--- START ---
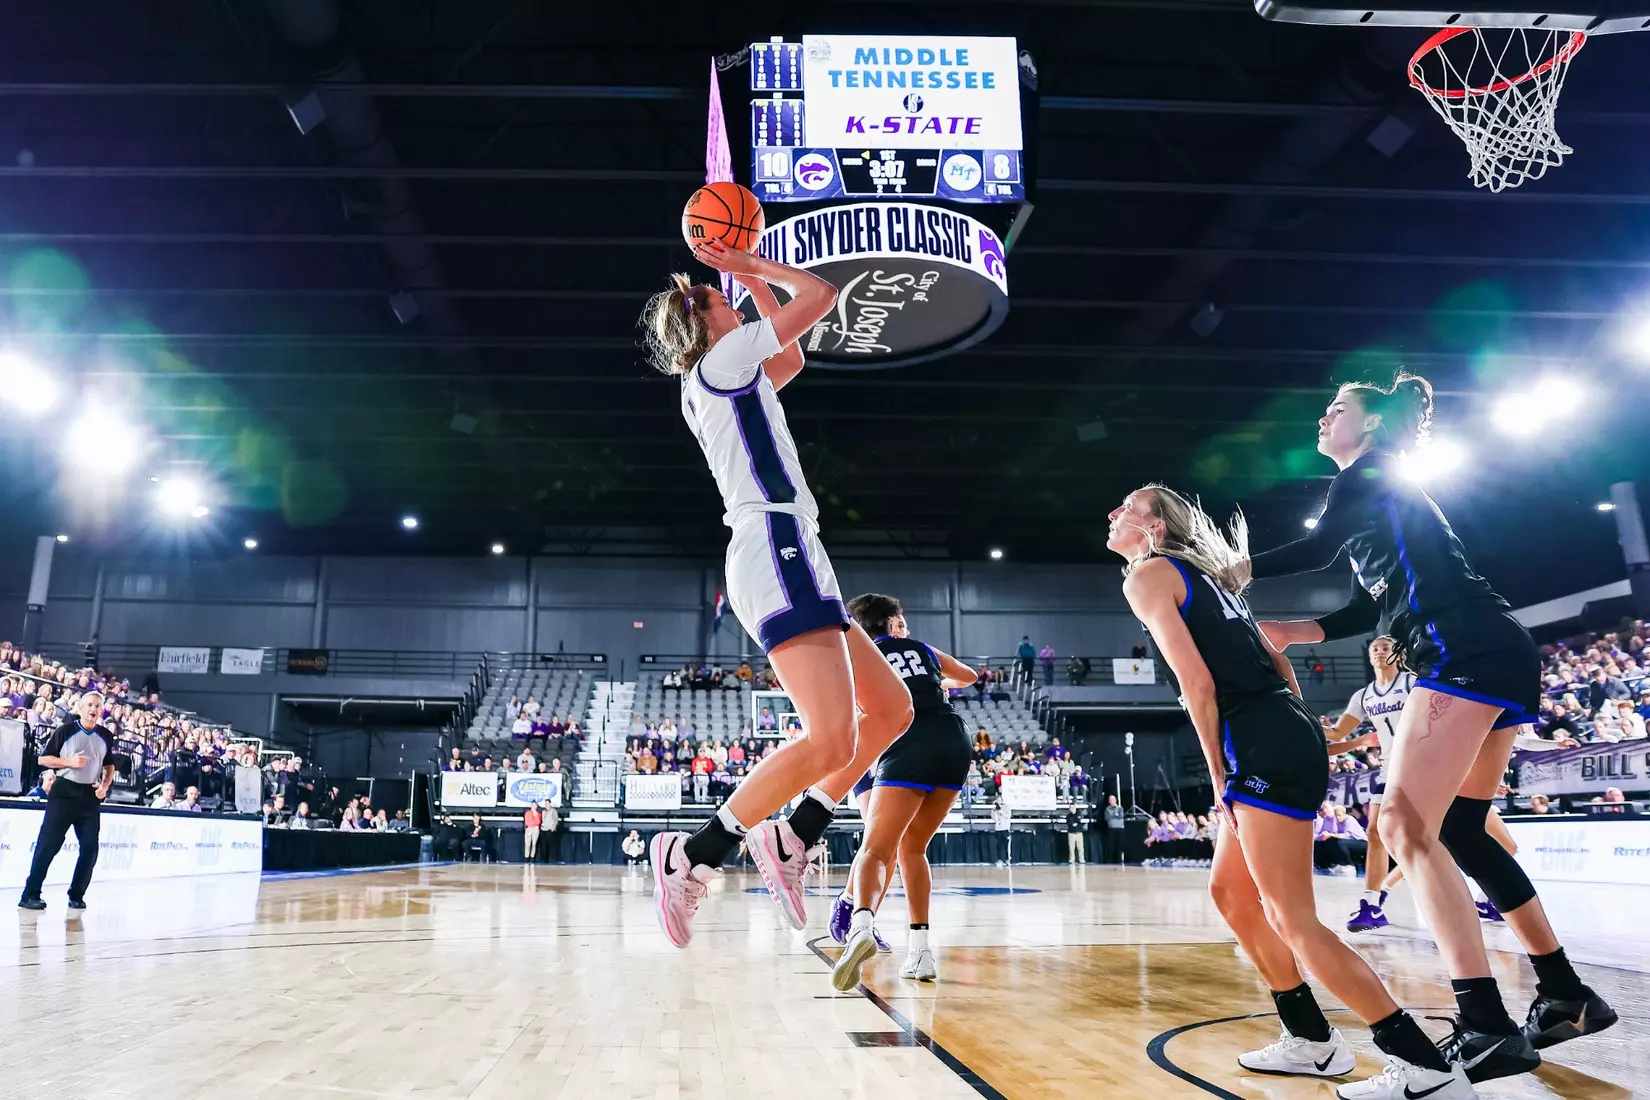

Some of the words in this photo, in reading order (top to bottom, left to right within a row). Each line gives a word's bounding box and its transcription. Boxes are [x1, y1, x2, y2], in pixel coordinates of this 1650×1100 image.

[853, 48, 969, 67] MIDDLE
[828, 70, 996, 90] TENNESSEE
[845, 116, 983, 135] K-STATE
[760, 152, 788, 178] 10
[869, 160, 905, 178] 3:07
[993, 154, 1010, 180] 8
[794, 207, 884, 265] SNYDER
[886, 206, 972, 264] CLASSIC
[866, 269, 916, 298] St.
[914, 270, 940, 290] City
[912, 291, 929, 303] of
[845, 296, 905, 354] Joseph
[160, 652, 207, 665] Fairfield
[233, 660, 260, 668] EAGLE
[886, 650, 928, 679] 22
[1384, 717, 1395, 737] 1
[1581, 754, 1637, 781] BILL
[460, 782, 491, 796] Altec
--- END ---
◆ **Task**
Retype the whole listing, keeping every line identical and omitting all pictures.

◆ **Result for this exercise**
Some of the words in this photo, in reading order (top to bottom, left to right within a row). Each line gives a word's bounding box and its transcription. Boxes are [x1, y1, x2, y2], in pixel coordinates of this 1650×1100 image.

[853, 48, 969, 67] MIDDLE
[828, 70, 996, 90] TENNESSEE
[845, 116, 983, 135] K-STATE
[760, 152, 788, 178] 10
[869, 160, 905, 178] 3:07
[993, 154, 1010, 180] 8
[794, 207, 884, 265] SNYDER
[886, 206, 972, 264] CLASSIC
[866, 269, 916, 298] St.
[914, 270, 940, 290] City
[912, 291, 929, 303] of
[845, 296, 905, 354] Joseph
[160, 652, 207, 665] Fairfield
[233, 660, 260, 668] EAGLE
[886, 650, 928, 679] 22
[1384, 717, 1395, 737] 1
[1581, 754, 1637, 781] BILL
[460, 782, 491, 796] Altec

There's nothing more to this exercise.